A former factory worker, Hakamada, 78, was convicted of murdering a family of four in 1966, largely on the basis of a confession he says was coerced. Since his conviction was finalised in 1968, he has lived in solitary confinement waiting to he hanged. He has always maintained his innocence.
Yesterday he emerged from a Tokyo detention centre looking frail and bewildered before stepping into a waiting car. His lawyer Katsuhiko Nishijima said Hakamada at first could not take in that he had been freed. “His first reaction was: ‘That must be a lie.’ It only sunk in after he got out of the car and walked around a little.”
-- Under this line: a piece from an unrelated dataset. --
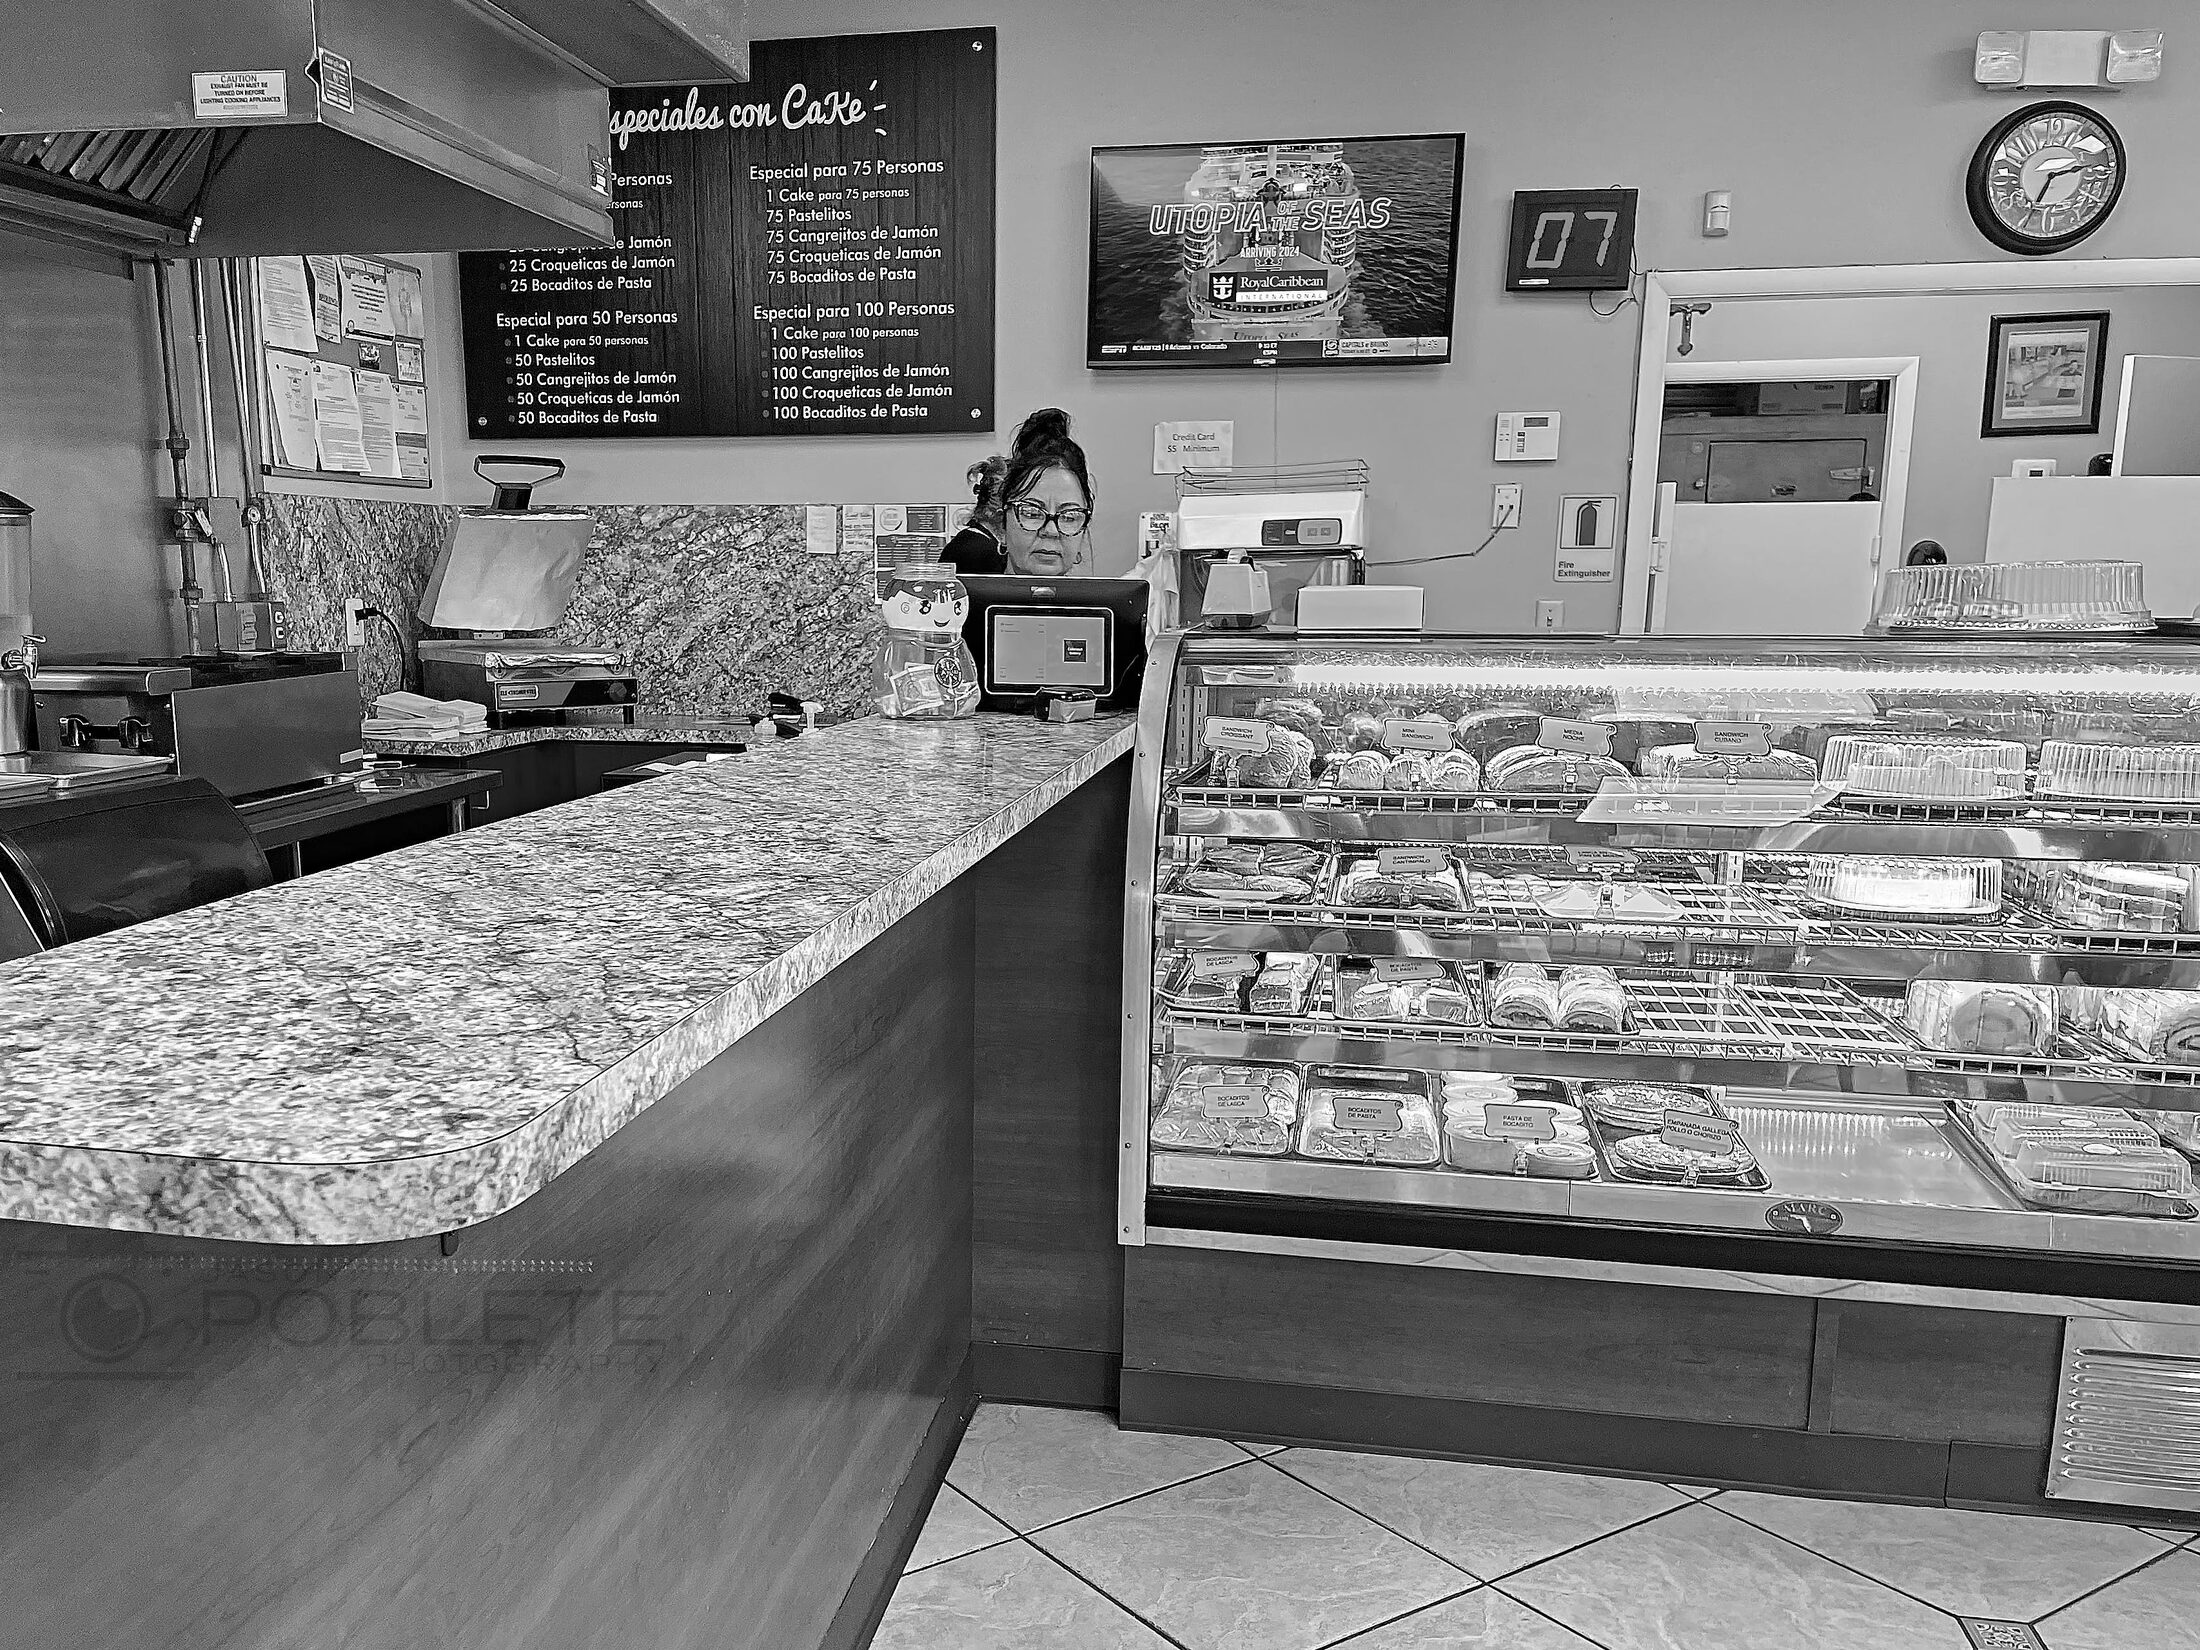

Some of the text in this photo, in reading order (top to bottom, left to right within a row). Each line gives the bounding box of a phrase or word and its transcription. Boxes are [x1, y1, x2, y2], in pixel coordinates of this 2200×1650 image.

Hakamada was in his 30s and living in Shizuoka, south of Tokyo when his boss was robbed and murdered, along with his wife and two children. The killer set the house on fire and fled.
Police arrested and detained him for three weeks without a lawyer. He signed a confession but later retracted it, insisting he was beaten and coerced. A panel of judges nevertheless convicted him of all four murders in 1968. Six months later one of the three judges resigned, saying the conviction haunted him.
Yesterday Shizuoka District Court said Hakamada should be retried because items of clothing and other evidence presented by the police in court “may have been fabricated.” His layers say DNA tests on his bloodstained clothes prove the blood was not his.
Prosecutors have four days to appeal the decision.
Although Japan incarcerates fewer people than many Western countries, it has been widely condemned for what anti-gallows campaigner Nobuto Hosaka calls the "peculiar cruelties" of its death penalty.
Death row inmates are deprived of contact with the outside world, a policy designed to “avoid disturbing their peace of mind” says the Justice Ministry.
The inmates are kept in solitary confinement and forced to wait an average of more than seven years, and sometimes decades, in toilet-sized cells while the legal system grinds on. Critics say some inmates are driven insane.
When the order eventually comes, implementation is swift. The condemned have minutes to get their affairs in order before facing the noose. There is no time to say goodbye to families. Because the orders can come at any time, the inmates, in effect, live each day believing it may be their last. ?
Lawyers in Japan say courts still rely too heavily on confessions in criminal trials. Police can hold suspects for weeks. The conviction rate in Japanese courts is about 99 percent.
Amnesty international, which has campaigned for years to have Hakamada released, said yesterday it would be “callous and unfair” for prosecutors to appeal the court’s decision to free him.
“If ever there was a case that merits a retrial, this is it,” said Roseann Rife, Amnesty’s East Asia Research Director. “The Japanese authorities should be ashamed of the barbaric treatment Hakamada has received.”